The next step is to add coefficients to balance atoms of each element on the two sides of the equation. For example, in the above equation hydrogen is balanced but oxygen is not. Balance oxygen by changing the coefficient of water from 1 to 2:
\[\ce{H2 + O2 -> 2H2O}\nonumber\]
Subscripts in the formulae can not be changed, as they are constant. For example, if O2 is changed to O in the above equation to balance the oxygen, it is incorrect as O2 is molecular oxygen which is a different chemical than atomic oxygen O.
The coefficient is a multiplier of each subscript in the formula, i.e., in 2H2O there are 2x2 = 4 hydrogen and 2x1 =2 oxygen. Now look for the other elements again: note that hydrogen atoms have changed to 4 on the right side. To balance hydrogen, change the coefficient of H2 from 1 to 2:
\[\ce{2H2 + O2 -> 2H2O}\nonumber\]
Check again: Now, the atoms of each element are the same on both sides, i.e., the equation is balanced, as illustrated in Fig. 4.3.3.
Rules to balance a chemical equation
The method described above to balance a chemical equation is called the hit and trial method.

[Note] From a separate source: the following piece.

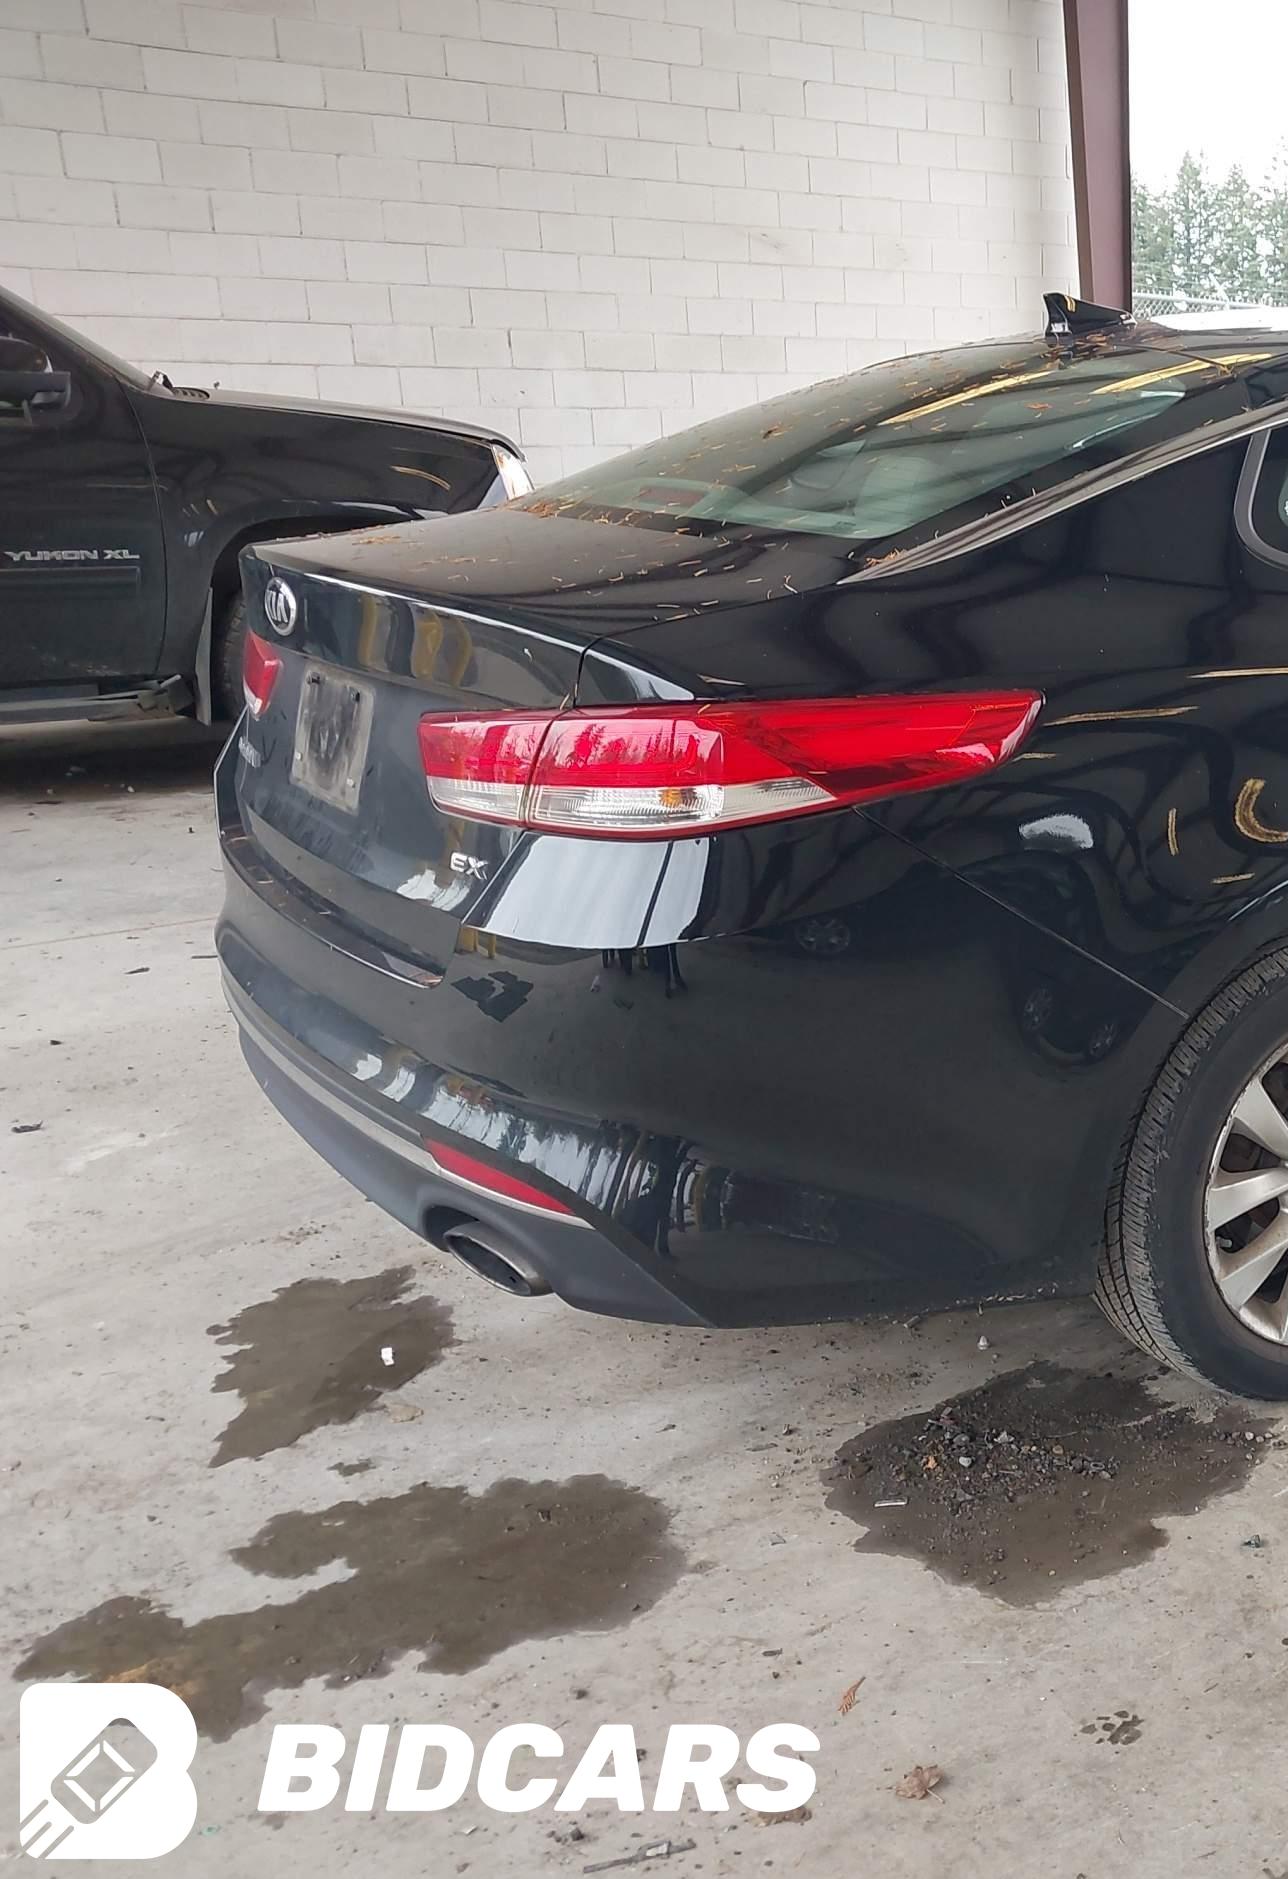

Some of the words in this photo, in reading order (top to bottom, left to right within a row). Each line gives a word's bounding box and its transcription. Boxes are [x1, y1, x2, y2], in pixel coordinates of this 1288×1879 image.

There are no hard and fast rules in this method. The general guidelines are:
- if an element occurs only in one reactant and one product, balance it first,
- if there is a free element in the reactants or products, balanced it last,
- if there is a polyatomic ion in reactants and products, balance the number of polyatomic ions as a unit, i.e., add coefficient to but do not change the subscripts in the polyatomic ion or of any formula.
- in some cases, a fractional coefficient is needed to balance the equation, in that case first use the fractional coefficient and when the equation is balanced, remove the fraction by multiplying all the coefficients with a common multiplier,
- if the set of coefficients in the balanced equation is not in the simplest whole-number ratio, the equation is still balanced, but it is recommended to convert the set of coefficients to the simplest whole-number ratio.
The following examples explain the guidelines.
Combustion of propane (C3H8) is used in gas welding, as shown in Fig. 4.3.4. The propane reacts with oxygen and produces carbon dioxide and water. Write and balance the chemical equation of the reaction?
Solution
Start with writing the correct formulae of reactants and products in a chemical equation form:
\[\ce{C3H8 + O2 -> CO2 + H2O}\nonumber\]
According to rule 1, look at carbon or hydrogen first. Both are not balanced. Balance the carbon by changing the coefficient of CO2 from 1 to 3:
\[\ce{C3H8 + O2 -> 3CO2 + H2O}\nonumber\]
Balance the hydrogen by changing the coefficient of H2O from 1 to 4:
\[\ce{C3H8 + O2 -> 3CO2 + 4H2O}\nonumber\]
Now, look at oxygen (rule 2) and balance it by changing the coefficient of O2 from 1 to 5:
\[\ce{C3H8 + 5O2 -> 3CO2 + 4H2O}\nonumber\]
The last equation is balanced, as illustrated in Fig. 4.3.5.
The reaction between Aluminium metal powder and iron oxide, called thermite reaction, is highly exothermic that melts the ion. The thermite reaction is used for railroad welding as shown in Fig. 4.3.6. Wright and balance the reaction equation.
Solution
Start with writing the correct formulae of reactants and products in a chemical equation form:
\[\ce{Al + Fe2O3 -> Fe + Al2O3}\nonumber\]
Rule 1 does not apply as all elements are in one reactant and one product. According to rule 2, look at either one of the compounds. Balance aluminum by changing the coefficient in the eactant from 1 to 2:
\[\ce{2Al + Fe2O3 -> Fe + Al2O3}\nonumber\]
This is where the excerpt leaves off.